100.親衛隊員日記/心春日和vol.7
心の中はため息だらけ…
これが恋の悩みに因るものならば、悩む程に美しく綺麗に可愛さ倍増なんだけど。
柾様の事を想わない日など有り得ない、でも生憎この頃は同時進行で、別件の悩みが存在感を増している。
いつの間にチャイムが鳴ったんだろう、業田先生が入室されて、朝のHRが始まった。
この合原心春たる者、教室如きで隙を見せるワケにいかないからね。
毅然と教卓に注目して、先生の話を聞いてます!というフリをしながら。
おのずと意識は後方へ流れて行く。
有り得ないよ。
僕の心は、柾様ただ御1人だけのもの。
僕の心の中に存在して良いのは、四六時中考えるべきなのは柾様の事だけ。
幼等部の頃から、ずうっと。
柾様さえ居れば、心春は幸せ。
来るラッブラブな未来予想図を想い描くだけで、想いの成就日を指折り数えてみるだけで、此所で生きて行く覚悟なんて容易に保てた。
障害や苦難は、多ければ多い程良い。
だって人は、簡単に幸せになれないじゃない?
生まれる前から幸福を約束され、恵まれた環境に育ち、何もかもから愛されて、何をやっても望み通り上手く行く、永遠に絶えない笑顔のまま生涯を閉じる…

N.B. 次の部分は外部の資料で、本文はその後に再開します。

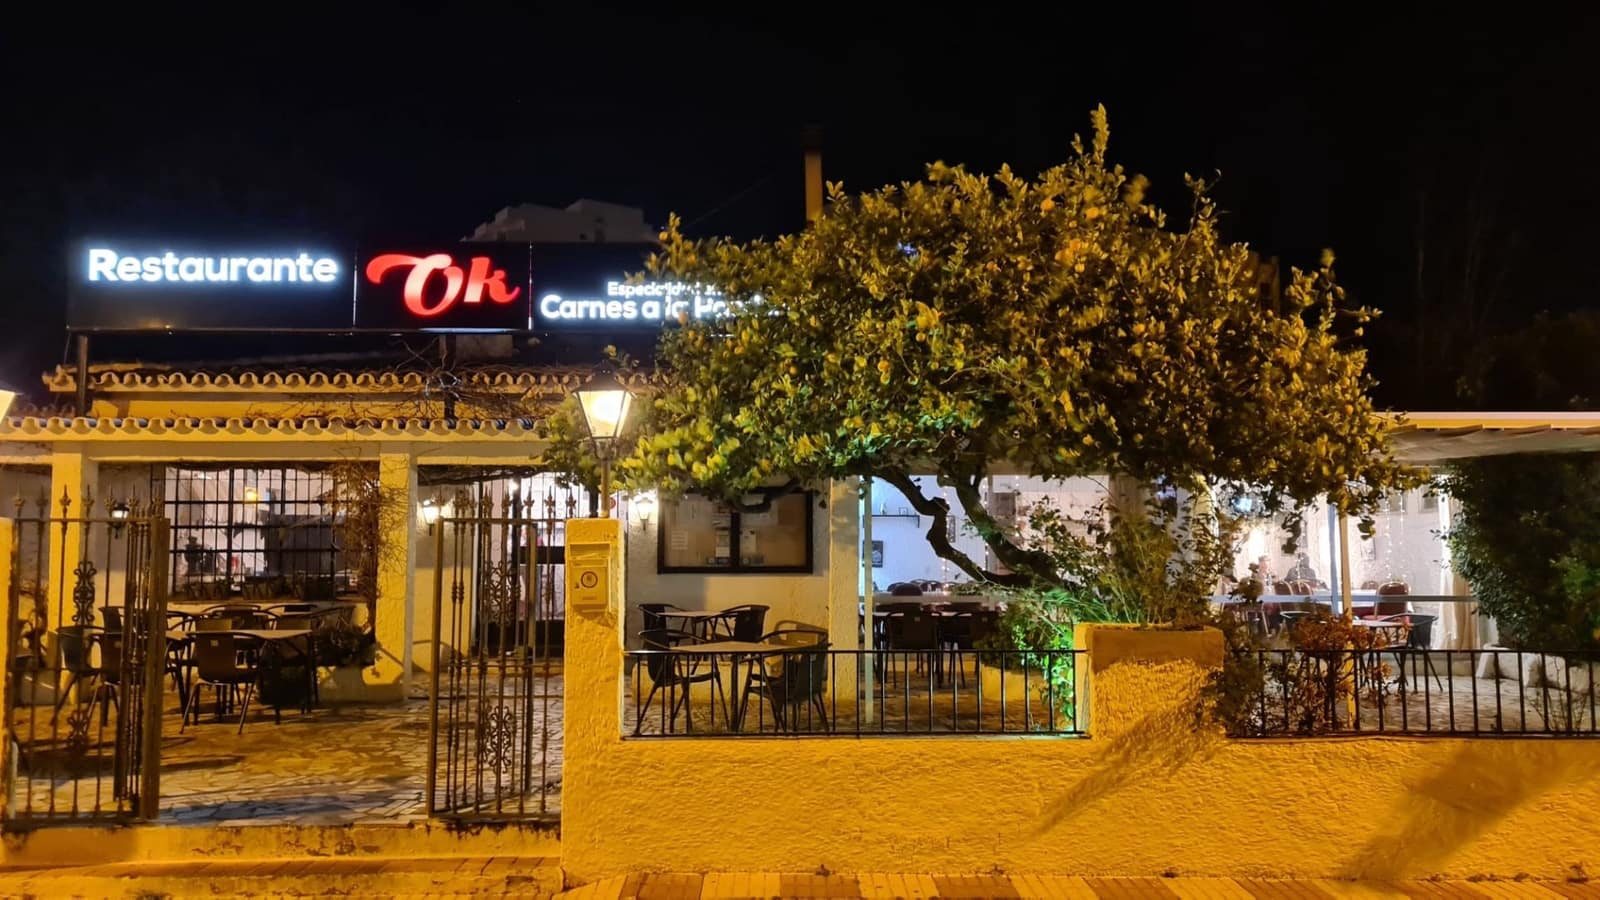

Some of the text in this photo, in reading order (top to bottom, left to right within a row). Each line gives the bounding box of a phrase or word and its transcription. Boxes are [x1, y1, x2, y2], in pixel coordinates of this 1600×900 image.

そんな苦労知らずの王子様お姫様なんて、本当は世界の何処にも存在しないじゃない。
次々と容易に安楽への道が開けた時は、要注意なんだ。
大どんでん返しが待ち受けているものなんだ。
そう決まってる。
いきなり訪れた大きな幸福のすぐ背後には、悲惨な不幸が待っているって。
何の苦労も知らない人間が、笑って生き続けられるハズなんかないんだって。
それはもう、ガキの頃から、此所でも外の社会でも散々目にして来た、聞かされて来た、絶対的な人生の法則だ。
だから僕は、最愛の柾様との恋の試練を、全て甘んじて受け入れられる。
あれだけ全てにおいてハイレベル、パーフェクトな柾様と結ばれてしまうんだよ?
今の今迄、学園内でも社交界でも浮き名を流した事がない、身持ちの固い御方と、だよ?
(まぁ、その辺が唯一の懸念っちゃー懸念だけどね!良いの、心春はとっくに覚悟決めてる…柾様が童貞だってEDだって何のその、全然問題ナッシング!メスしかお好みじゃなかったとしても、心春のこの可憐な美貌と莫大な愛情と小悪魔セックスアピールで「お前だけは特別…」って言わせてみせるから!!)
何だってオッケーカモンだっつーの!!
柾様とのハッピーライフの為なら、何も恐れるに足らん!!
正直、あの微少年が何しようと、今更動じない。
あんな微少年如き、これまでくぐり抜けて来た数々の修羅場に比べれば、ひたすら鬱陶しい蚊と同じ。
何も怖くない。
気色悪い変装の下がビミョーなルックスだったと判明した事が、何よりの強み。
もっと怖い目に遭って来たんだから…
大変だったんだからね!!
此所で問題起こしてくれりゃ、上手く行けばコイツは退学扱いになるかも知れない。
そうなったらラッキーと想って、わざと神経に障る様に刺激してやった、そしたらノって来たのに。
どうして僕を悩ませるの、前陽大。
柾様と急接近中の要注意人物が、何でお母さんなの…?
良い奴だから。
何か、前陽大が困ってたら放っておけない。
子犬がしょぼくれたみたいな顔を見たら、身体が勝手に動いてしまう。
外部生だから守ってやんなきゃ、庇ってやんなきゃって。
誰にも壊させたくない。
前陽大だけは、こんな学園に染まらず、キレイなままで居て欲しい。
だってあいつの笑顔を見ると、何故かホッとするんだもの。
元気だったらこっちまで元気になる。
前陽大は、あったかいから。
まっすぐで歪んでない。
柾様に少し似てる、から…?
だからこんなに気になるの?
家柄は勿論、容姿も性格も何もかも異なっている、正反対の世界に居るのにも関わらず、似ている所があるから不安になる?
取り立てて特別に仲が良い様には見えない、昨日は柾様が前陽大を好き勝手虐げていらっしゃる様にさえ見えた。
それなのに、安心できない。
何故?
前陽大にはそれこそ普通の平穏な人生が似合う、華やかな柾様とは全く異なる人間なのに。
だけど、離れようとは想えない。
前陽大なら、僕の今迄の苦労をわかってくれるんじゃないか。
この恋を応援してくれたら良いのにって、つい願ってしまう。
2兎を追う者は、1兎をも得られないって、僕は知っているのに。